Those Who Love, A Biographical Novel of Abigail and John Adams, Irving Stone, Doubleday & Company, 1965, 647 pp
A People's History of the United States, Howard Zinn, Harper & Row, 2015, 688 pp
Today I have two related reviews for you, because the first book led me to the next. I am ranting and I warn you that these are not cheerful reviews.
Those Who Love was the #6 bestseller of 1965 and took me eight days to read. Though it has a slant, Irving Stone did give a picture of the dreams and ideals of this couple as English settlers in Massachusetts. John Adams's dedication to create a balanced government of three branches that would ensure a true democracy was based on deep study of England and the history of other countries. He was trained as a lawyer, he put his wife through much hardship, she was a strong and understanding companion. He became the second President of the new nation, after George Washington, and already the Bill of Rights and the Constitution, on which he worked tirelessly with the Founding Fathers, was cracking at the seams.
The problem was they did not address all the issues. Only men who owned a certain amount of property could vote. The Adamses were not rich, they probably only squeaked by property-wise. They were not in favor of slavery but to get all the colonies to agree on the Constitution, compromise was in order. The rights of Native Americans, slaves, women and the workers of the new country upon whose shoulders the edifice stood, were left out.
I suppose that this is the trouble with a certain kind of idealist. They do not see or understand the 99% of humanity who do most of the work. To understand more about how we got to today, in the middle of a pandemic with a Federal government and a complete idiot of a President who appear to have no idea what they are doing, I decided to read the Howard Zinn book. In fact, I learned that John Adams was up against more than he knew.
I read
A People's History of the United States by taking one chapter a day. It took me 25 days and some of it was a slog. He is not the greatest writer.
He does, however, tell the story of the forming and building of the American Empire from a different slant than Irving Stone; also a different slant than kids in school used to get in their American history studies.
In every chapter he contrasts the unrelenting drive of the monied class for expansion, growth, progress and more wealth with the realities of the lower classes. The crimes of our country are really no different than the crimes of any empire building country throughout history.
From reading historical fiction and also the Will Durant history books, I have been aware of what gets done when a nation has that drive towards power and aligns government with finance to achieve those aims. Since I was raised and educated to see America as the best and greatest country in the world, I don't think I ever until now truly confronted what my country has wrought to create that reputation. (I am also aware that not everyone would agree with what I am saying here.)

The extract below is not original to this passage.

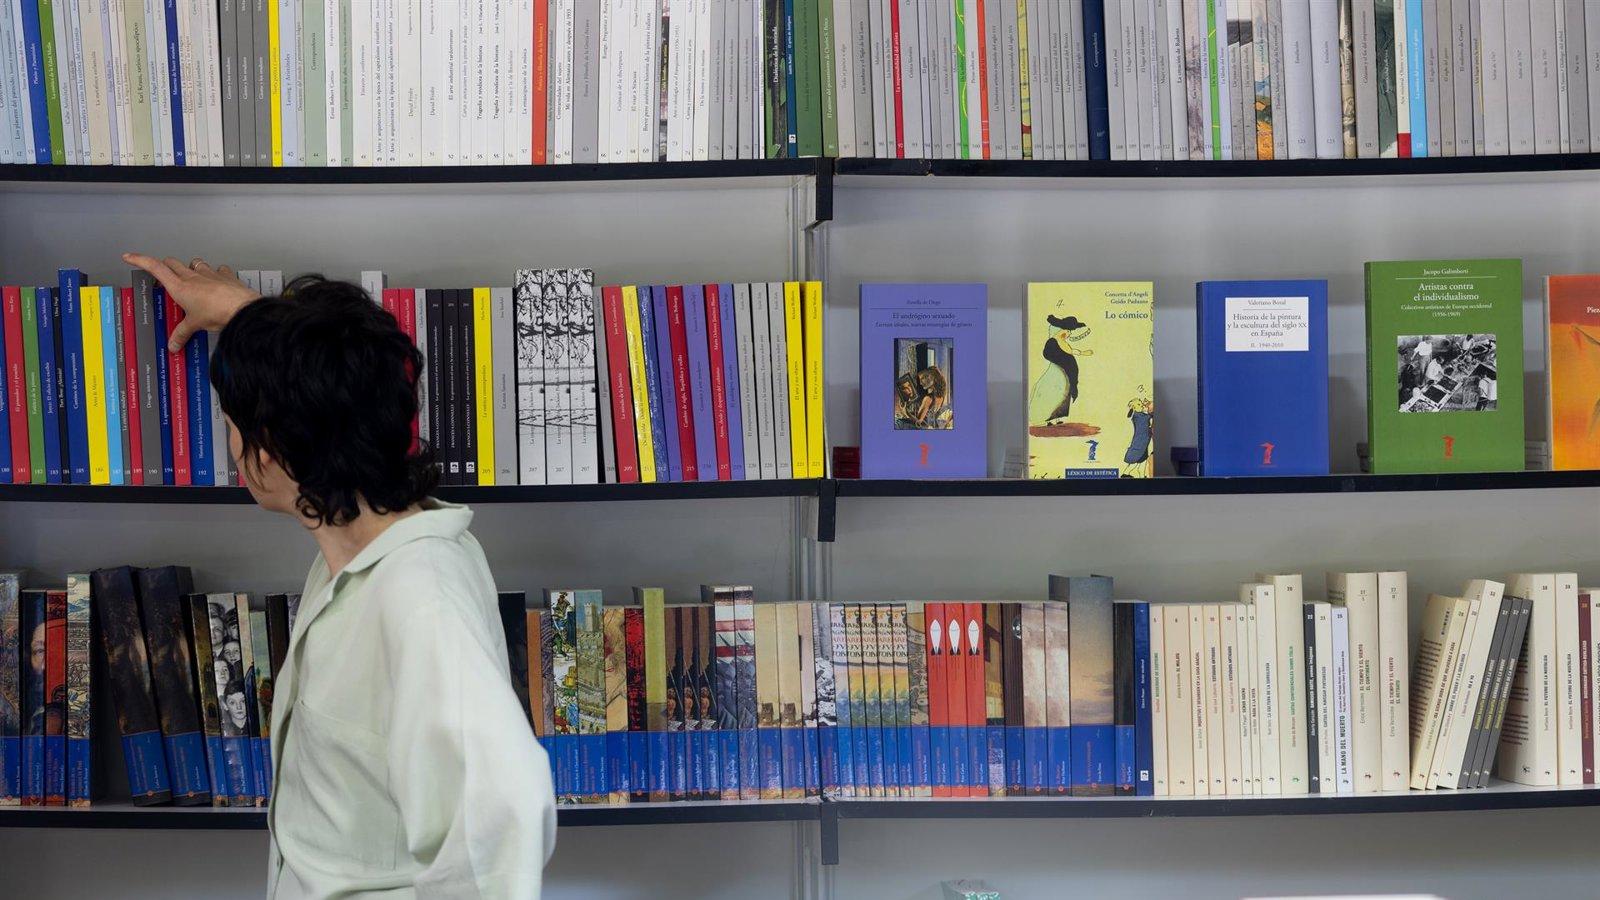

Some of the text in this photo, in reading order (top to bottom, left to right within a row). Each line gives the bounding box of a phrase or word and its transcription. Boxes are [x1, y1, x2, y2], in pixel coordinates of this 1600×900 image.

The other main point of Zinn's book is that the oppressed, be they Native Americans, women, Blacks, workers, immigrants or the people of other countries we have stolen land from or filled with our military bases or plundered for natural resources, will always tend to fight back. It might be inspiring to think that way, well actually it is. I, however, was left with the feeling that capitalism always wins, that our government is still allied with business and the rich, as it has been from its founding.
Perhaps because as I read the book, we were dealing with a pandemic that seemed to be worse here than in other places in the world, that was flattening but not lessening, I could not escape the idea that this is part of our payback, that we are hated by the people we have abused (called terrorism), that we have damaged the world almost to the breaking point (called climate change) and that if my fairly comfortable, deluded and ineffectual middle class goes on this way, we deserve everything that we have coming. I don't feel completely hopeless. I feel mostly enraged.
Sorry to be a downer. I advise reading Zinn's book, if you haven't, if for nothing else than to understand the actual mechanisms of power, money, the military and our politics. Mechanisms that keep us placated and unaware while the military/industrial complex and the bankers continue on their destructive path. He does a good job delineating how that works. I have wondered for a long time how those in power think that money will protect them if the world goes down.
So, I leave you with yet another quote from a Joni Mitchell song: "Who you gonna get to do the dirty work, when all the slaves are free?" The song is "Passion Play" from her 1991 album, Night Ride Home. You can find it on YouTube.